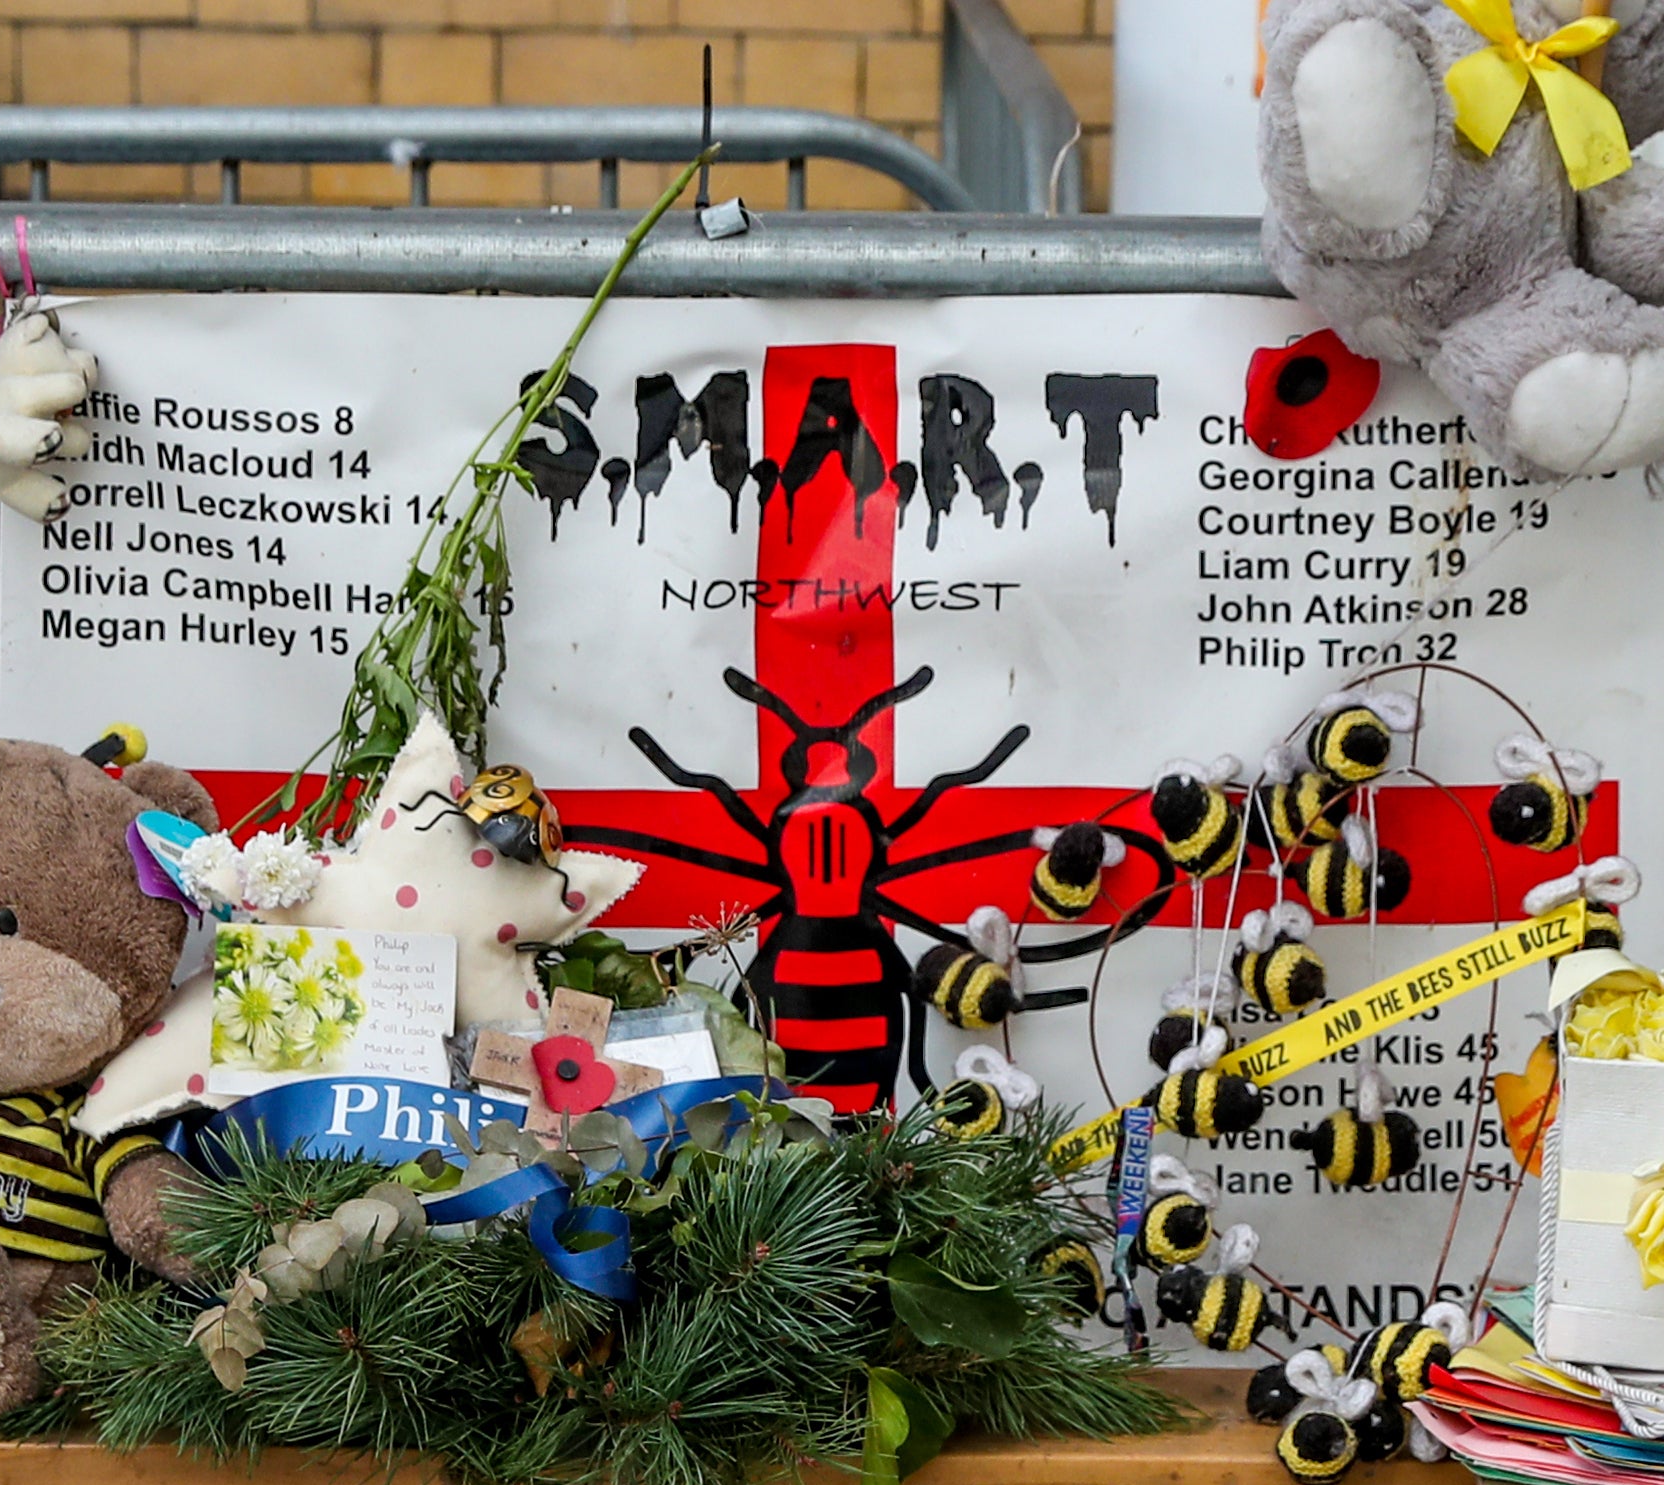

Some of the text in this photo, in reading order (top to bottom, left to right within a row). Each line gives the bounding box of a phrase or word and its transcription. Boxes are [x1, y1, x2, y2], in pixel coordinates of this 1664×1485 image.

[71, 391, 355, 435] affie Roussos 8
[156, 441, 372, 480] Macloud 14
[1198, 460, 1376, 498] Georgina
[176, 484, 391, 526] Leczkowski
[405, 495, 449, 527] 14
[1197, 498, 1549, 543] Courtney Boyle 19
[43, 520, 287, 566] Nell Jones 14
[1198, 548, 1467, 588] Liam Curry 19
[41, 563, 423, 616] Olivia Campbell Har
[662, 579, 1022, 612] NORTHWEST
[1197, 587, 1529, 625] John Atkinson 28
[41, 608, 349, 657] Megan Hurley 15
[1198, 633, 1458, 675] Philip Tron 32
[373, 935, 411, 954] Philip
[1323, 1008, 1364, 1047] AND
[1370, 988, 1403, 1022] THE
[1408, 966, 1454, 1006] BEES
[1455, 941, 1517, 982] STILL
[1519, 917, 1573, 955] BUZZ
[1374, 1034, 1445, 1065] Klis
[1456, 1033, 1500, 1063] 45
[1092, 1119, 1120, 1150] TH
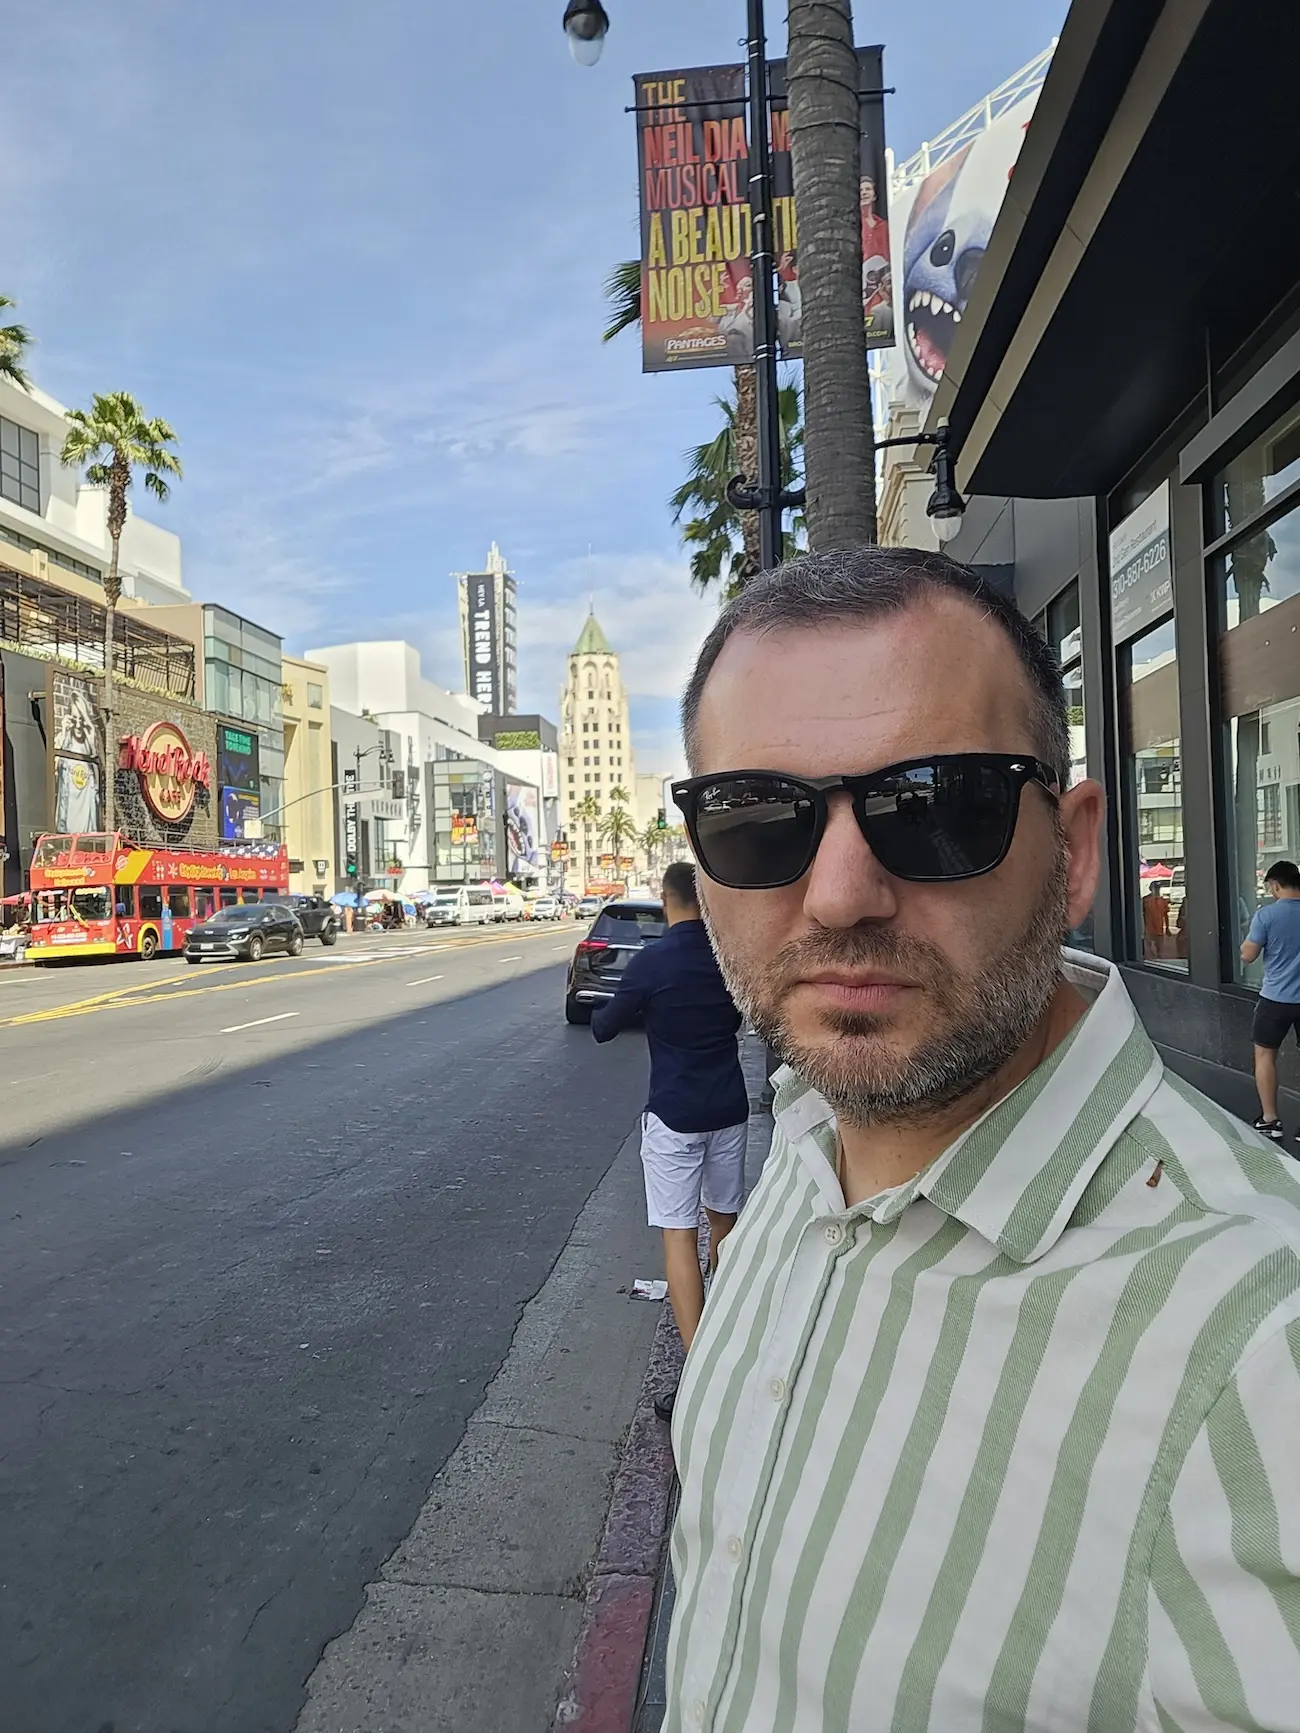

---------------

▸ TASK DIRECTIONS: Line by line, return the listing above exactly, leaving out its pictures.

▸ EXPECTED ANSWER:
Some of the text in this photo, in reading order (top to bottom, left to right within a row). Each line gives the bounding box of a phrase or word and its transcription. Boxes are [x1, y1, x2, y2], in pixel coordinates of this 1664×1485 image.

[71, 391, 355, 435] affie Roussos 8
[156, 441, 372, 480] Macloud 14
[1198, 460, 1376, 498] Georgina
[176, 484, 391, 526] Leczkowski
[405, 495, 449, 527] 14
[1197, 498, 1549, 543] Courtney Boyle 19
[43, 520, 287, 566] Nell Jones 14
[1198, 548, 1467, 588] Liam Curry 19
[41, 563, 423, 616] Olivia Campbell Har
[662, 579, 1022, 612] NORTHWEST
[1197, 587, 1529, 625] John Atkinson 28
[41, 608, 349, 657] Megan Hurley 15
[1198, 633, 1458, 675] Philip Tron 32
[373, 935, 411, 954] Philip
[1323, 1008, 1364, 1047] AND
[1370, 988, 1403, 1022] THE
[1408, 966, 1454, 1006] BEES
[1455, 941, 1517, 982] STILL
[1519, 917, 1573, 955] BUZZ
[1374, 1034, 1445, 1065] Klis
[1456, 1033, 1500, 1063] 45
[1092, 1119, 1120, 1150] TH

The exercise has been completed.